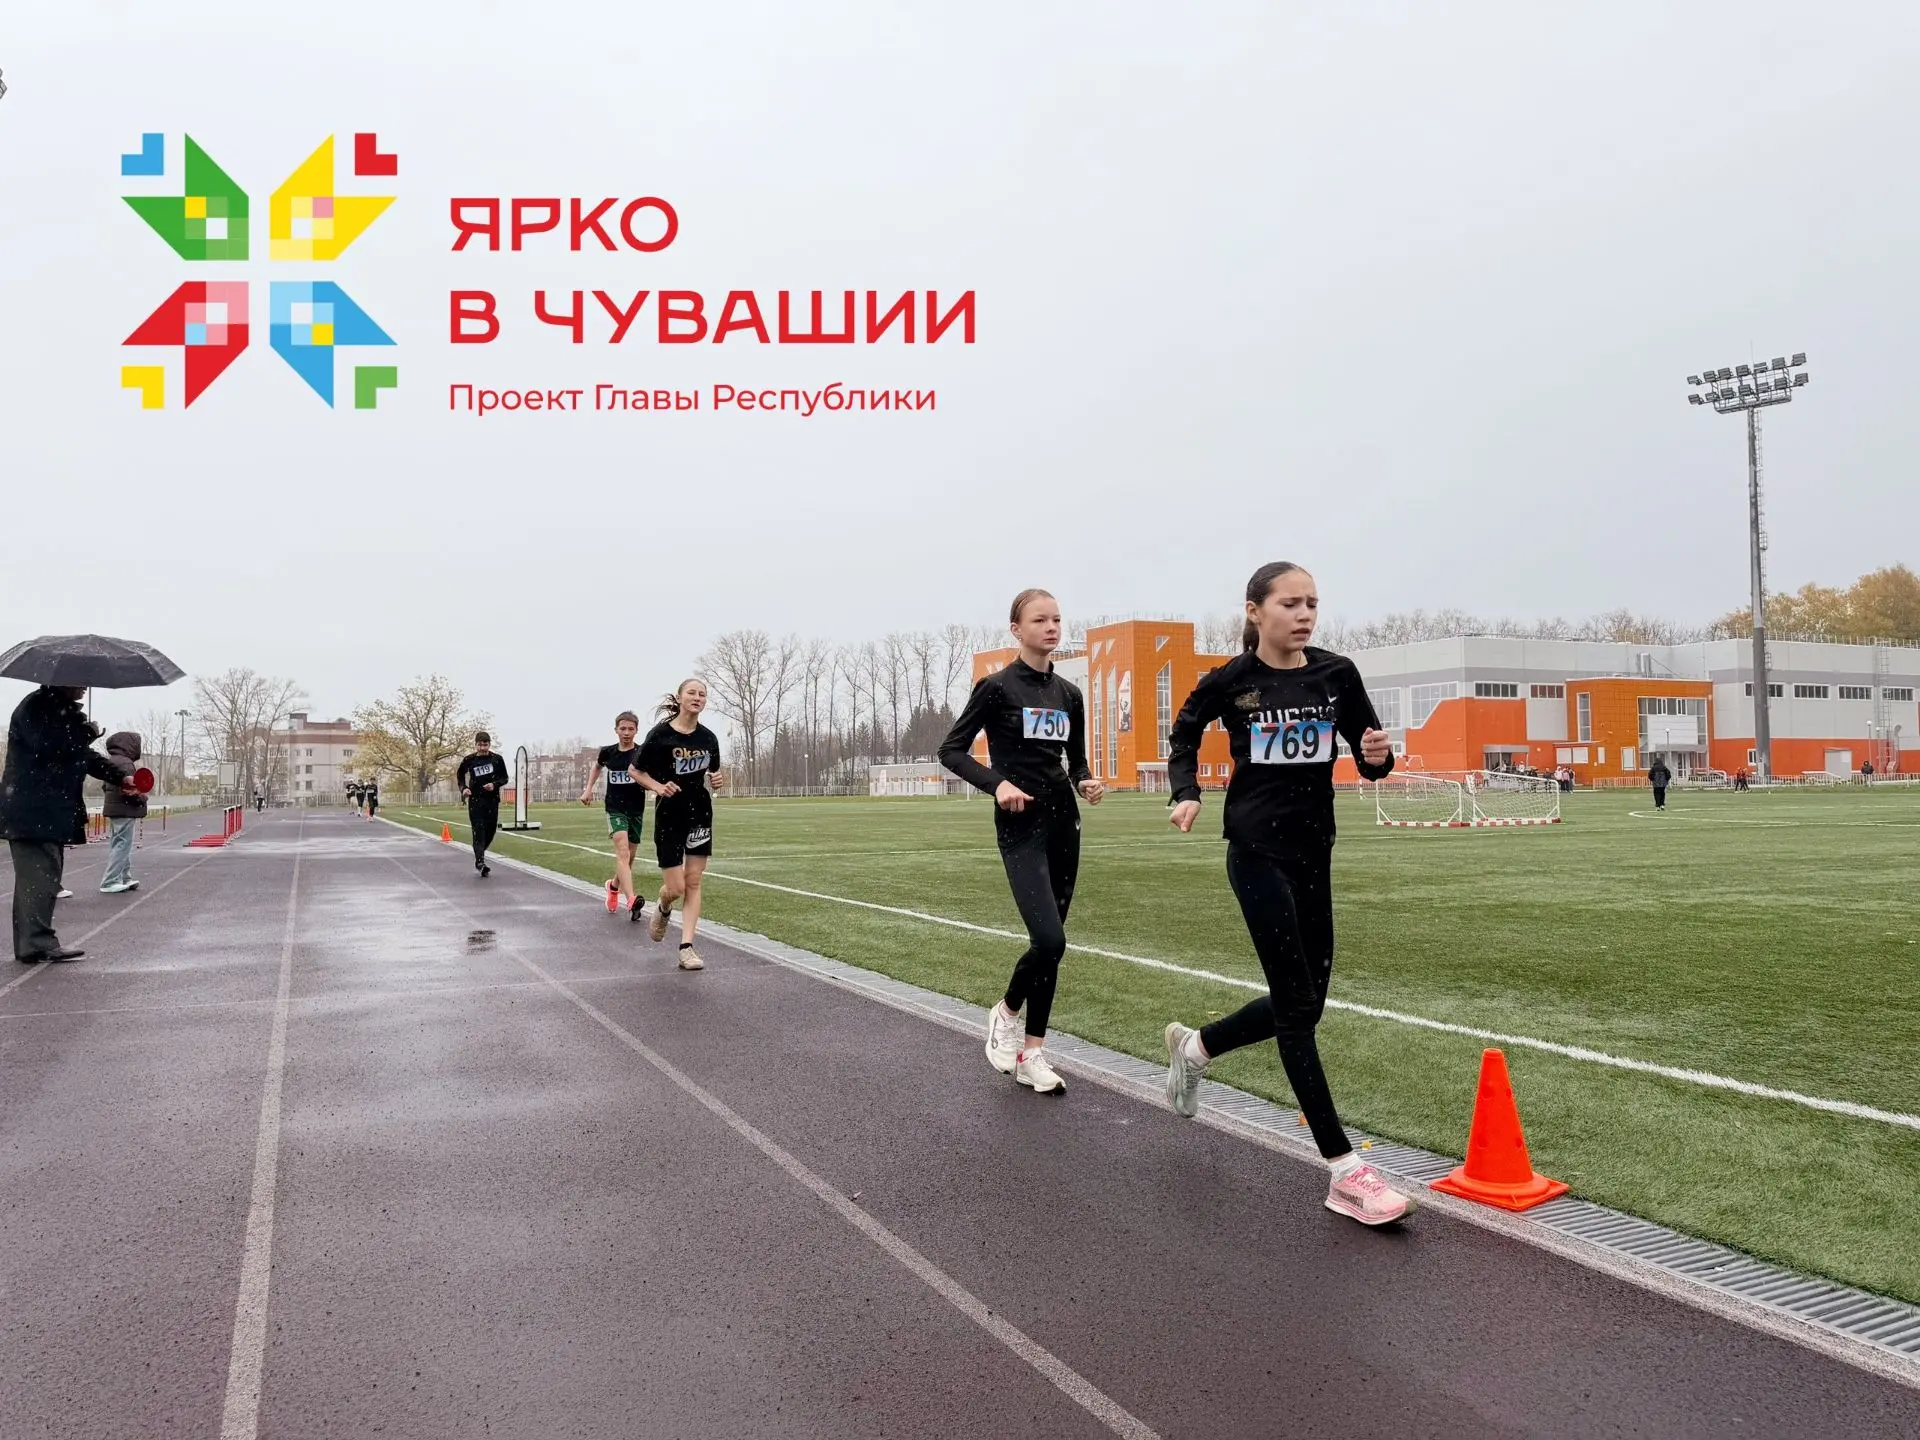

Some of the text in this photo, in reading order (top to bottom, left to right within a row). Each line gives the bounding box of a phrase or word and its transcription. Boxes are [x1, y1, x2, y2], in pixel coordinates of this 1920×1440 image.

[1030, 710, 1066, 738] 750
[1260, 724, 1320, 760] 769
[476, 765, 491, 775] 119
[679, 756, 706, 773] 207
[611, 771, 631, 783] 518

○ ○ ○ ○ ○ ○ ○

* What the exercise asks: Pictures aside, print every line of the material exactly.

* Answer space:
Some of the text in this photo, in reading order (top to bottom, left to right within a row). Each line gives the bounding box of a phrase or word and its transcription. Boxes are [x1, y1, x2, y2], in pixel coordinates of this 1920×1440 image.

[1030, 710, 1066, 738] 750
[1260, 724, 1320, 760] 769
[476, 765, 491, 775] 119
[679, 756, 706, 773] 207
[611, 771, 631, 783] 518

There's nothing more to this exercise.